Transmedia Branded Content
I believe that the projects that we, the producers of marketing related content, will be working on in the next few years will be based on transmedia and synergic storytelling: Stories so large that they cannot be squeezed within a single medium or platform and tend to evolve into worlds in which multiple converging stories can live and grow. The user’s experience unfolds across as many media as possible and every single platform makes idiosyncratic and distinctive contributions to the story. A story will possibly start with a short webisodes. However, for users to understand it, they will eventually have to follow the characters of the story on Twitter, join a group on Facebook or Flickr, visit a channel on Youtube or Vimeo, receive or send SMS texts or MMS, participate in a forum or a chat, play a game or an ARG, attend an event, and so forth. We will need to create as many point of entry into the content as possible and offer a transmedia experience that gives users resources to forge their own stories and fantasies. The transmedia projects need to be carefully planned from the very beginning to avoid redundancies or repurposing of the same content on different media and, for the contrary, to build a strong cross-platform experience for the fans.
How do you proceed in creating a transmedia story able to carry the values of the brands and achieve their objectives while engaging the users?
We have delineated this process to create a transmedia operation. We start of course working with the clients on the definition of the strategy, the objectives and the target market: This gives us the ammunitions to define the world in which the transmedia narrative is going to unfold.
The following step usually consists of the creation of one or several idea-communities or groups to test some concepts and to generate innovative and hopefully revolutionary ideas.

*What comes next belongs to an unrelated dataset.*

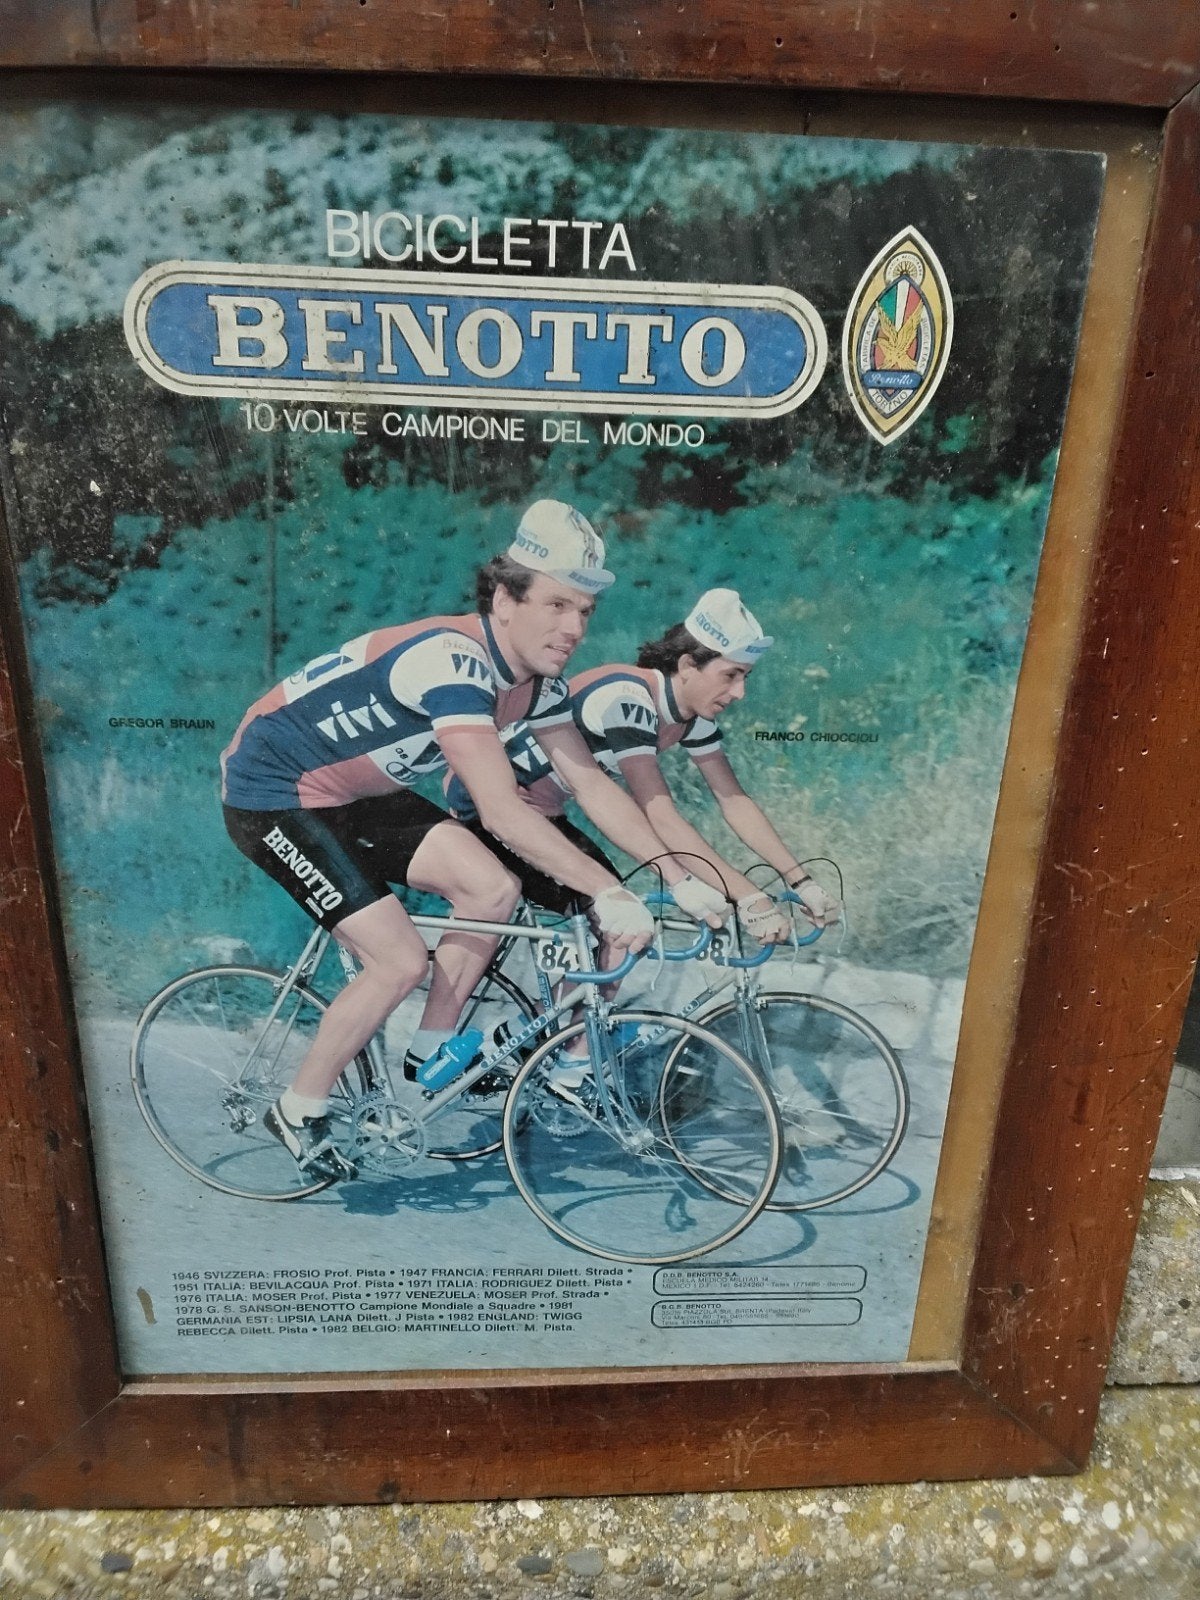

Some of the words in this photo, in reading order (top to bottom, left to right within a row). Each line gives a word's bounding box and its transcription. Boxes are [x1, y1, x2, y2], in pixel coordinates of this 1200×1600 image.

We believe in the extraordinary power of diverse, large and well-managed groups to generate brilliant ideas and we try to use this collective intelligence as much as possible before we even start developing any type of content. We determine the number of members we need to make the group or the community work properly and we invest the right amount of money in recruiting them, typically using ads on social networks. In our experience, the acquisition cost of a member for an idea-generating community is between $0.10 and 0.60, which allow us to create pretty large, diverse and cooperative groups with a very limited investment. We have been working very successfully with groups in the last two years: two of the groups of fans we have created on Facebook, for instance, have reached respectively 28 and 14 thousand members and are giving us a lot information and ideas for the next episodes of two webseries. It was very inspiring watching these groups to grow and assume their own personality and nevertheless work with us and for the brands. On the other hand, we have developed proprietary software to create and manage ideas-communities: we are now experimenting with two of such groups.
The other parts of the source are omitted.